• _Problem to work on_: Set down a true copy of the data, with all pictures left out.

• _Given entries_:
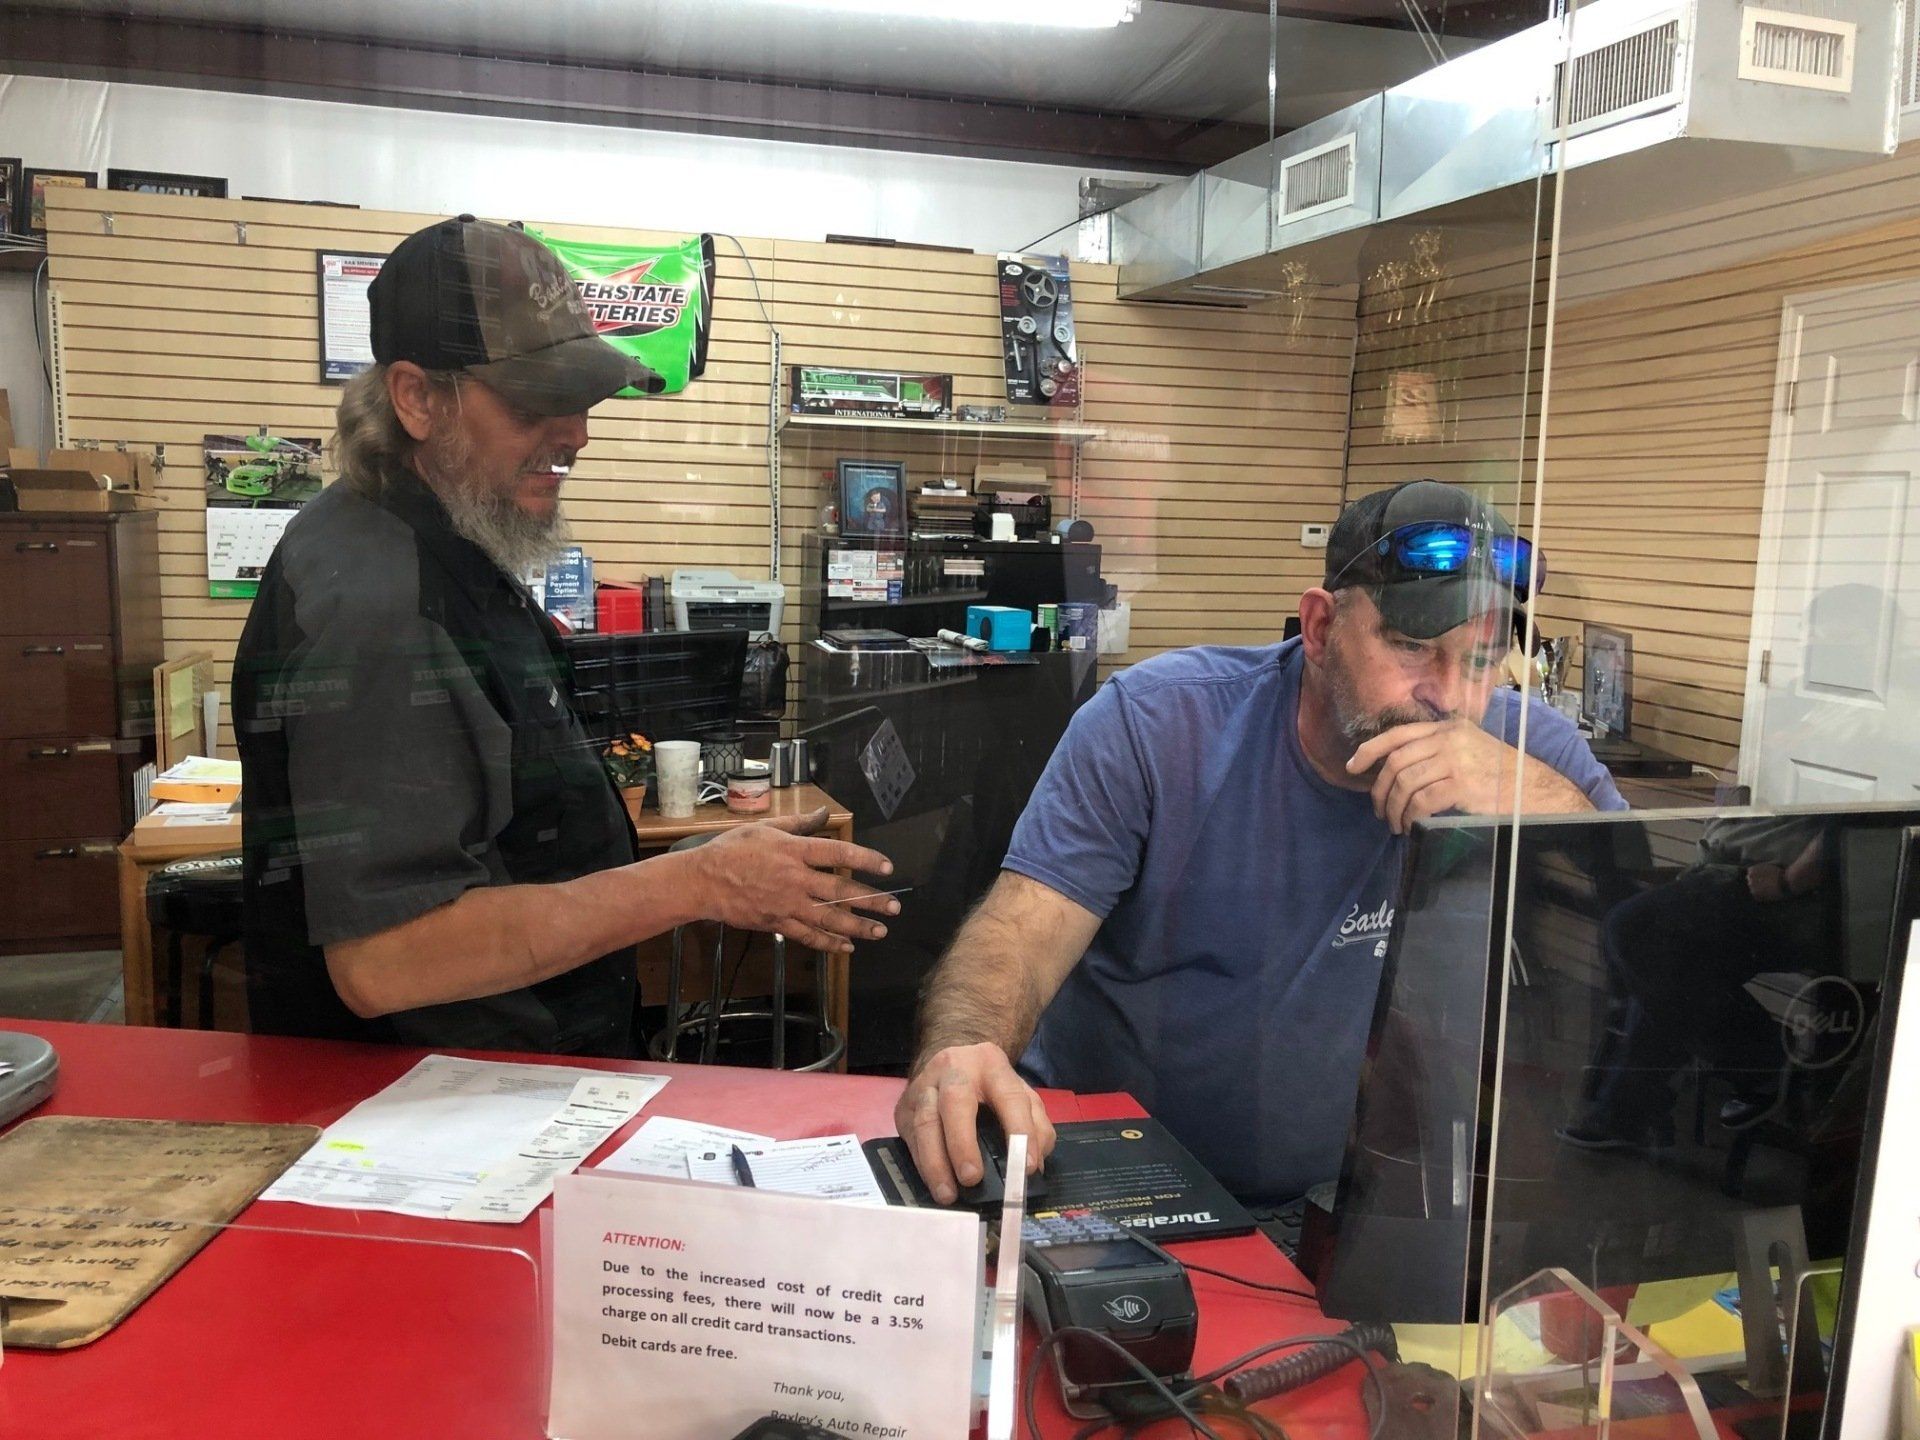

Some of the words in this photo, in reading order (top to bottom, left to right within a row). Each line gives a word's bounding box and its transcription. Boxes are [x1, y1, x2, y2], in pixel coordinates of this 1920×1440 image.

[574, 281, 687, 304] TERSTATE
[586, 304, 676, 323] TERIES
[835, 409, 891, 418] INTERNATIONAL
[1340, 899, 1395, 934] Baxle
[1120, 1211, 1220, 1228] Duralas
[602, 1231, 686, 1252] ATTENTION:
[602, 1260, 630, 1274] Due
[641, 1264, 655, 1277] to
[666, 1266, 688, 1281] the
[700, 1271, 765, 1290] increased
[777, 1280, 805, 1294] cost
[816, 1283, 831, 1297] of
[841, 1287, 882, 1304] credit
[893, 1292, 925, 1308] card
[602, 1284, 674, 1304] processing
[683, 1289, 715, 1307] fees,
[725, 1295, 761, 1311] there
[771, 1299, 795, 1316] will
[805, 1306, 835, 1320] now
[844, 1308, 861, 1323] be
[871, 1315, 879, 1326] a
[889, 1314, 924, 1330] 3.5%
[602, 1305, 646, 1323] charge
[650, 1311, 668, 1323] on
[671, 1309, 688, 1325] all
[691, 1313, 731, 1331] credit
[734, 1318, 764, 1334] card
[767, 1324, 856, 1345] transactions.
[602, 1333, 637, 1350] Debit
[640, 1337, 677, 1354] cards
[680, 1344, 702, 1357] are
[706, 1343, 738, 1360] free.
[773, 1382, 813, 1397] Thank
[816, 1389, 845, 1402] you,
[827, 1417, 859, 1432] Auto
[862, 1422, 908, 1439] Repair
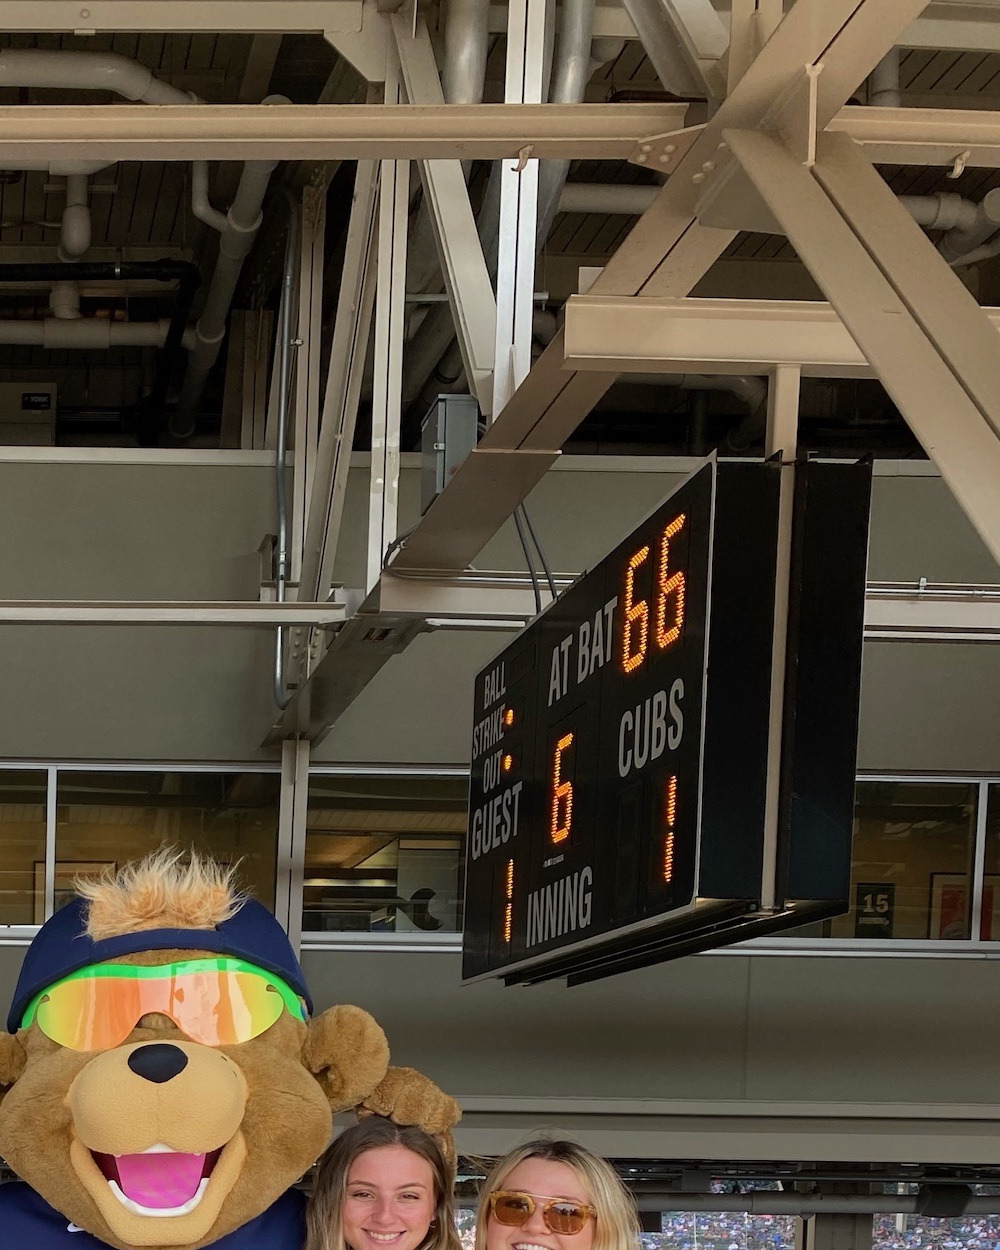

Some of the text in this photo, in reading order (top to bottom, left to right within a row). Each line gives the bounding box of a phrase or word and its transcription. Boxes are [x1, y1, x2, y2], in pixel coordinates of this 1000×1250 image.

[547, 512, 686, 707] AT BAT 66
[483, 661, 507, 711] BALL
[617, 677, 685, 778] CUBS
[472, 703, 506, 761] STRIKE
[482, 748, 503, 794] OUT
[471, 780, 523, 861] GUEST
[550, 732, 574, 844] 6
[663, 774, 678, 883] 1
[503, 858, 514, 943] 1
[525, 864, 594, 949] INNING
[863, 893, 889, 913] 15
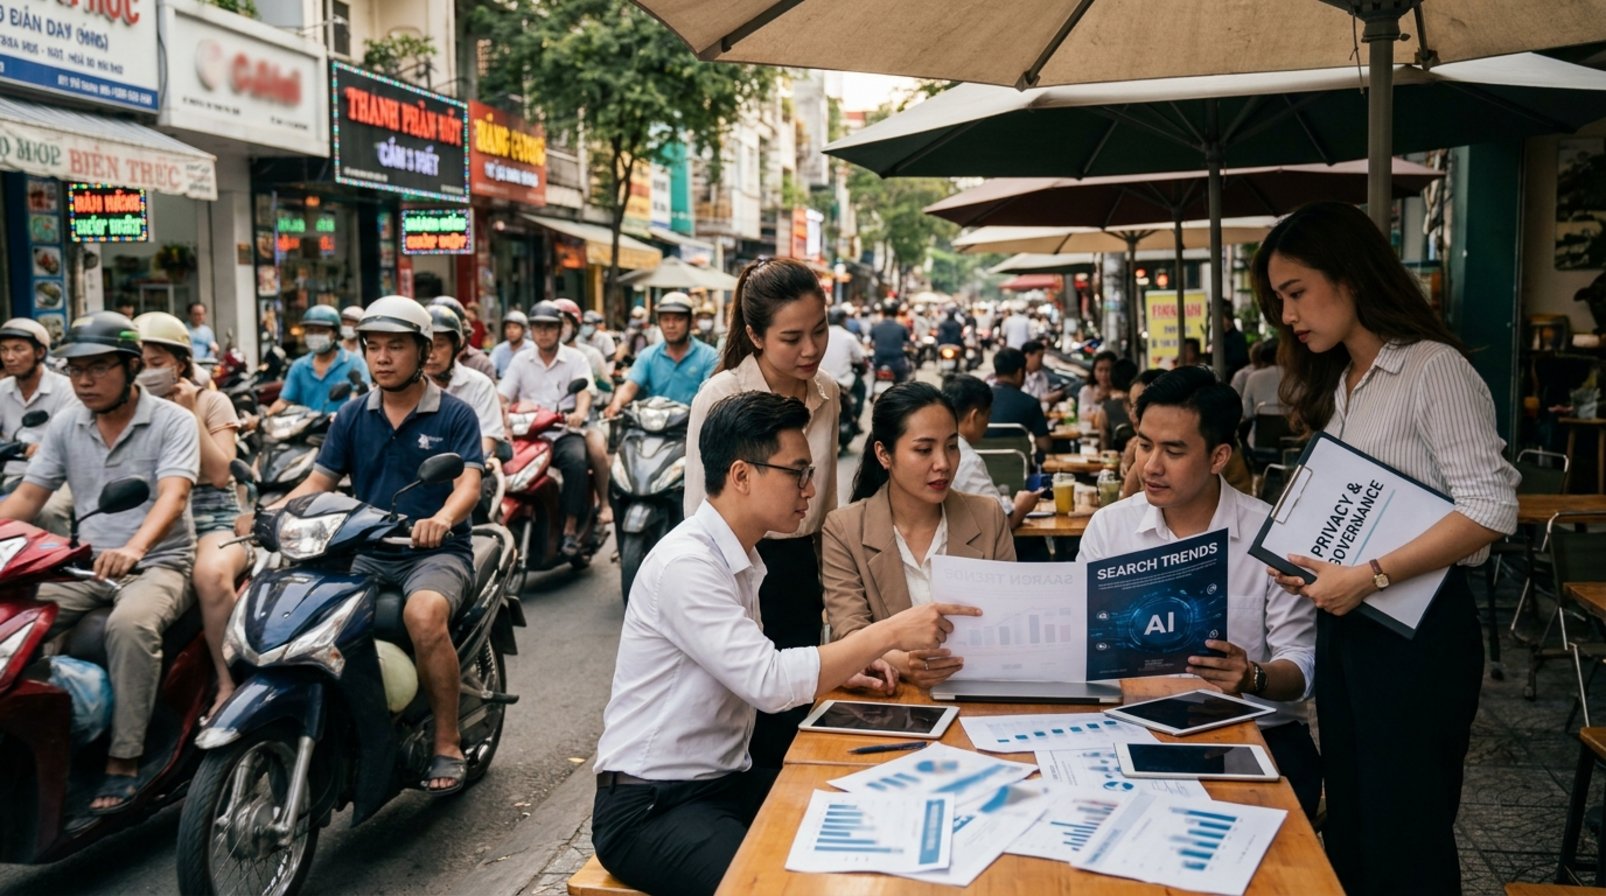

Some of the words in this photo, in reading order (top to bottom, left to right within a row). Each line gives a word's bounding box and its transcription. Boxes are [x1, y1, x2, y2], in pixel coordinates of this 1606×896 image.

[1310, 493, 1353, 558] PRIVACY
[1347, 482, 1363, 494] &
[1097, 558, 1158, 580] SEARCH
[1160, 542, 1218, 568] TRENDS
[1144, 611, 1175, 636] AI

• _Written answer_:
Some of the words in this photo, in reading order (top to bottom, left to right within a row). Each line gives a word's bounding box and its transcription. Boxes are [x1, y1, x2, y2], in pixel coordinates of this 1920×1440 image.

[574, 281, 687, 304] TERSTATE
[586, 304, 676, 323] TERIES
[835, 409, 891, 418] INTERNATIONAL
[1340, 899, 1395, 934] Baxle
[1120, 1211, 1220, 1228] Duralas
[602, 1231, 686, 1252] ATTENTION:
[602, 1260, 630, 1274] Due
[641, 1264, 655, 1277] to
[666, 1266, 688, 1281] the
[700, 1271, 765, 1290] increased
[777, 1280, 805, 1294] cost
[816, 1283, 831, 1297] of
[841, 1287, 882, 1304] credit
[893, 1292, 925, 1308] card
[602, 1284, 674, 1304] processing
[683, 1289, 715, 1307] fees,
[725, 1295, 761, 1311] there
[771, 1299, 795, 1316] will
[805, 1306, 835, 1320] now
[844, 1308, 861, 1323] be
[871, 1315, 879, 1326] a
[889, 1314, 924, 1330] 3.5%
[602, 1305, 646, 1323] charge
[650, 1311, 668, 1323] on
[671, 1309, 688, 1325] all
[691, 1313, 731, 1331] credit
[734, 1318, 764, 1334] card
[767, 1324, 856, 1345] transactions.
[602, 1333, 637, 1350] Debit
[640, 1337, 677, 1354] cards
[680, 1344, 702, 1357] are
[706, 1343, 738, 1360] free.
[773, 1382, 813, 1397] Thank
[816, 1389, 845, 1402] you,
[827, 1417, 859, 1432] Auto
[862, 1422, 908, 1439] Repair

Some of the text in this photo, in reading order (top to bottom, left to right within a row). Each line gives the bounding box of a phrase or word and its transcription. Boxes are [x1, y1, x2, y2], in pixel coordinates of this 1000×1250 image.

[547, 512, 686, 707] AT BAT 66
[483, 661, 507, 711] BALL
[617, 677, 685, 778] CUBS
[472, 703, 506, 761] STRIKE
[482, 748, 503, 794] OUT
[471, 780, 523, 861] GUEST
[550, 732, 574, 844] 6
[663, 774, 678, 883] 1
[503, 858, 514, 943] 1
[525, 864, 594, 949] INNING
[863, 893, 889, 913] 15

Some of the words in this photo, in reading order (top to bottom, left to right within a row). Each line gives a word's bounding box and its transcription. Boxes are [x1, y1, x2, y2], in pixel coordinates of this 1606×896 image.

[1310, 493, 1353, 558] PRIVACY
[1347, 482, 1363, 494] &
[1097, 558, 1158, 580] SEARCH
[1160, 542, 1218, 568] TRENDS
[1144, 611, 1175, 636] AI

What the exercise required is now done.